St. Matthew 26:6-16 (4/23) Gospel at Vespers & PreSanctified
for Great & Holy Wednesday

Generosity and Covetousness: St. Matthew 26:6-16, especially vss. 13,
14, 15: "'What this woman has done will also be told as a memorial to
her.' Then one of the twelve, called Judas Iscariot, went to the chief
priests and said, 'What are you willing to give me if I deliver Him to
you?'" The Gospel today portrays two opposites - the overflowing of
generosity, and the corrupting of covetousness. In only one sense can
these two be compared - both are conditions of the heart. Otherwise, in
all respects, they are polar opposites. The first is natural and
life-giving, while the second is unnatural, producing only aberrant
distortions of God's creation.

Of all of the Ten Commandments, only the one which directs us not to
covet (Ex. 20:17) addresses a state of heart. The rest, at face value,
are commands to act or to refrain from specific acts. However, the Lord
Jesus, in His Sermon on the Mount (Mt. 5:1-7:29), actually erased this
surface distinction among the Ten Commandments when He revealed that all
of them are matters of the heart. We are not animals who simply act and
react, but, rather, spiritual beings in the image of God with the
ability to choose - to give love, to honor, and to worship. It is just
this unique inner capacity that makes it possible, as we read this
account of the Lord at Bethany, to see the heights of generosity and
perceive the murky depths in the pit of covetousness.

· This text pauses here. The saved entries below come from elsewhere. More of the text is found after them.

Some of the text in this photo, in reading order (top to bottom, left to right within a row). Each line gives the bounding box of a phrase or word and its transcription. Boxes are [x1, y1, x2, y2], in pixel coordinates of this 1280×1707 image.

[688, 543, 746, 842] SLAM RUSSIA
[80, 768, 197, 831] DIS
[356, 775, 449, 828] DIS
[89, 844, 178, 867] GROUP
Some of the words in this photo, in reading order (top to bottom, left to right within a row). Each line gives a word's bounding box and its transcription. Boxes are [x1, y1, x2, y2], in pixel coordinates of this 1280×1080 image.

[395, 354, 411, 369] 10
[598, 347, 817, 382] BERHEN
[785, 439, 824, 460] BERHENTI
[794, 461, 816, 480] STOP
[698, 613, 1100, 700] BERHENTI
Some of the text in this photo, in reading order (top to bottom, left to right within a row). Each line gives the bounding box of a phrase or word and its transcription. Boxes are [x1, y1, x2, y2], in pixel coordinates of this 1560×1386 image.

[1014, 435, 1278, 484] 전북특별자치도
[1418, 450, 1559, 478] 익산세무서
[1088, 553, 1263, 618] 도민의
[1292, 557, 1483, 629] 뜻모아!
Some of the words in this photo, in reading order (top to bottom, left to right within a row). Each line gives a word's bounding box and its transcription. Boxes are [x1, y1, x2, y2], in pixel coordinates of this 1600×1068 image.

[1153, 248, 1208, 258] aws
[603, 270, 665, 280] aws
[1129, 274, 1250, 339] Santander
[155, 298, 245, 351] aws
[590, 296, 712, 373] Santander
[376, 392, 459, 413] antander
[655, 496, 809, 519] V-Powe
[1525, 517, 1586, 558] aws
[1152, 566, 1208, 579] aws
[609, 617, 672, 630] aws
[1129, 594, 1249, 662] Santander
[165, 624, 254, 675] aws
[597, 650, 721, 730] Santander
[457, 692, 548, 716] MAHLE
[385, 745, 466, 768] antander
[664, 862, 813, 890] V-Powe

Brethren, ascend the heights to blessed generosity! Choose life! The
display of Divine generosity strikes us before all else, as we observe
the Lord Jesus visiting Simon, a leper (Mt. 26:6). We may thank St.
John Chrysostom for having us notice that "not without purpose did the
evangelist mention the leprosy of Simon....For inasmuch as the leprosy
seemed a most unclean disease, and to be abhorred, and yet...Jesus had
both healed the man (for else He would not have chosen to have tarried
with a leper), and had gone into his house."1 The generosity of God
excels even our best unselfishness, for He comes into our very worst of
conditions with healing love.

Notice that the generosity of our Lord does not end with His visiting
and healing Simon, but is poured out also upon the woman who came to
honor Him by anointing His head with "very costly fragrant oil" (vs.
7). Sadly, in reaction to her act of worship, she was made the brunt of
the disciples' indignation: "Why this waste? For this fragrant oil
might have been sold for much and given to the poor" (vss. 8,9). The
loving Christ rises to her defense, liberally reframing the vision of
the disciples to see the generosity underlying her actions: "she has
done a good work for Me. For you have the poor with you always, but Me
you do not have always. For in pouring this fragrant oil on My body,
she did it for My burial" (vss. 10-12). Do not miss how carefully
Christ Jesus prepares us to see His boundless, overflowing generosity,
both in assuming a body and becoming one of us, and in munificently
embracing death and burial for our salvation!

Surely, let us also remember the woman's generosity. As St. John says,
"For in truth the deed came of a reverential mind, and fervent faith,
and a contrite soul....For if she hath wrought a good work, it is quite
evident she shall receive a due reward."2 And this she does, for "in
the whole world, what this woman has done will also be told as a
memorial to her" (vs. 13).

Against the beauty of all this generosity, let us also tremble at the
ugly coveting shown here. "Then one of the twelve, called Judas
Iscariot, went to the chief priests and said, 'What are you willing to
give me if I deliver Him to you?'" (vss. 14,15). Do we not know full
well that the commandment against coveting, "directed as it is to the
heart, foremost is a warning that greed unchecked will likely lead to
active transgression"?3 It set Judas on the path to betrayal!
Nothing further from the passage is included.